The 3 main ideas for the task proposed here are the following:
i) national development as the flagship of the State's action, that is, the State does not exist for itself, but as a vehicle for the nation's development. In this sense, strengthening the dimensions of public strategic planning, participatory management and social control – these strategies of organization and operation of the State – is essential for us to make a leap in quality even in the XNUMXst century in Brazil.
ii) the need for a reform of the State of a republican nature, which brings more transparency to decision-making processes, in dealing with public affairs in general, redirecting government action towards the vital and universal needs of the population.
iii) finally, the revaluation of politics and democracy: there is no way to make a change of this magnitude without the well-informed participation of the majority of the population. Democracy is not only a value in itself, but also a method of government, through which the will of the majority of the population is manifested, electorally and periodically. But also in a more intense and everyday way through more or less institutionalized forms and mechanisms of State-Society interconnection. In other words, in addition to representative democracy in crisis, there are elements of participatory – and even deliberative – democracy that push for more and better spaces for existence and functioning.
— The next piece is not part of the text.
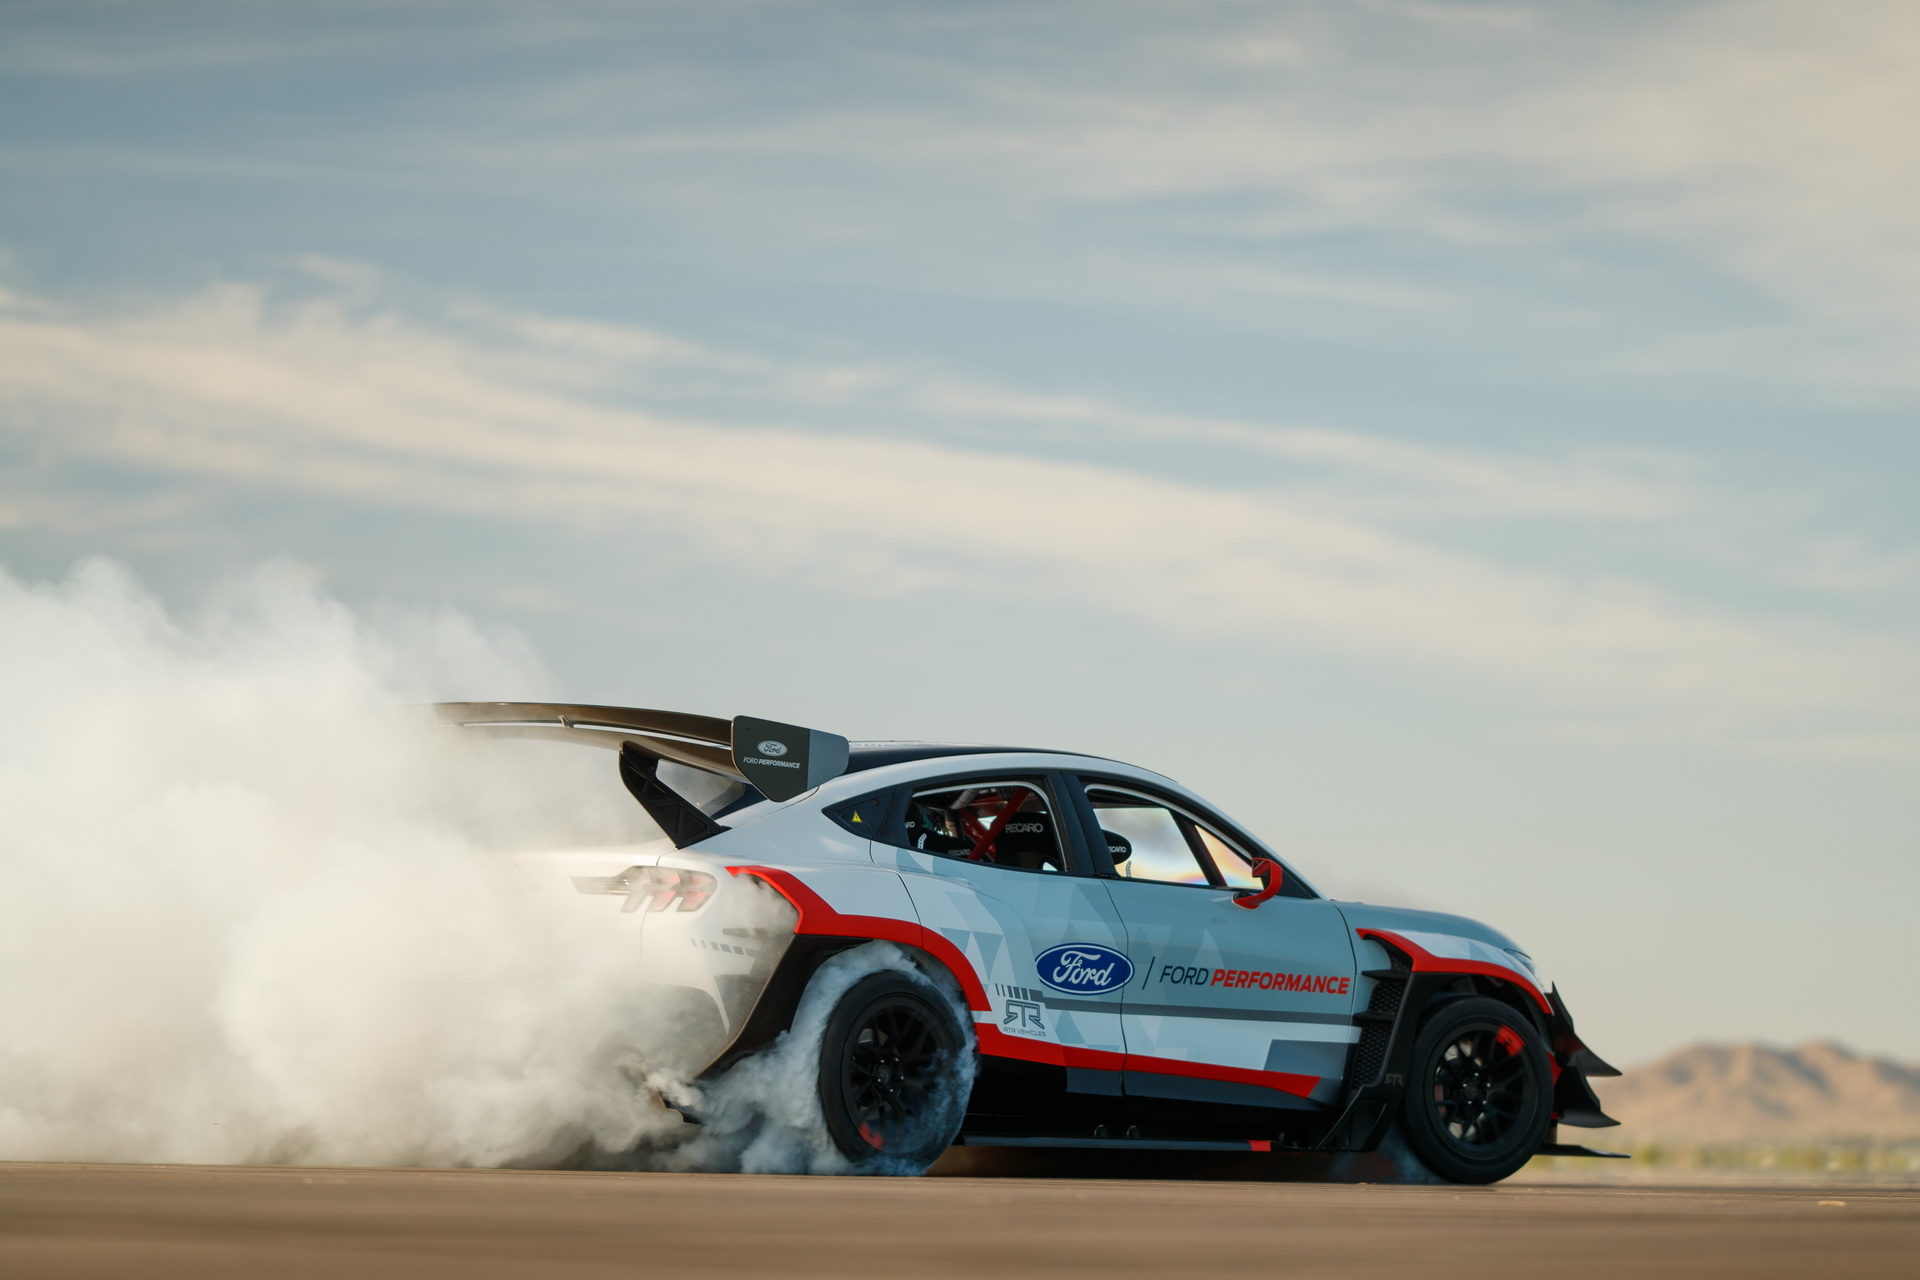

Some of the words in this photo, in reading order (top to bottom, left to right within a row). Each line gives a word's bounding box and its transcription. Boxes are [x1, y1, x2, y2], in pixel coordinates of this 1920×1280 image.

The proposal suggested above reaffirms the fact that in order to debate such challenges and fight for a modern State and quality public services in Brazil, it is necessary to be clear that in all successful international development experiences, it is possible to verify the fundamental role of the state entity as a direct producer, inducer and regulator of economic activities so that they fulfill, in addition to their main microeconomic objectives, macroeconomic objectives of innovation and productive inclusion and of elevation and social homogenization of the living conditions of the population residing in the national territory.
Therefore, by recovering the 3 key ideas above, we aim to reclassify the terms of the public debate on matters directly related to the need to empower society and the national State itself in the sense of republicanization e democratization of intra-state relations and between public agents and social and business actors for the construction of an adequate development project that adheres to the Brazilian reality.
*José Celso Cardoso Jr. he holds a doctorate in economics, is a federal civil servant and is the current President of AFIPEA-Sindical.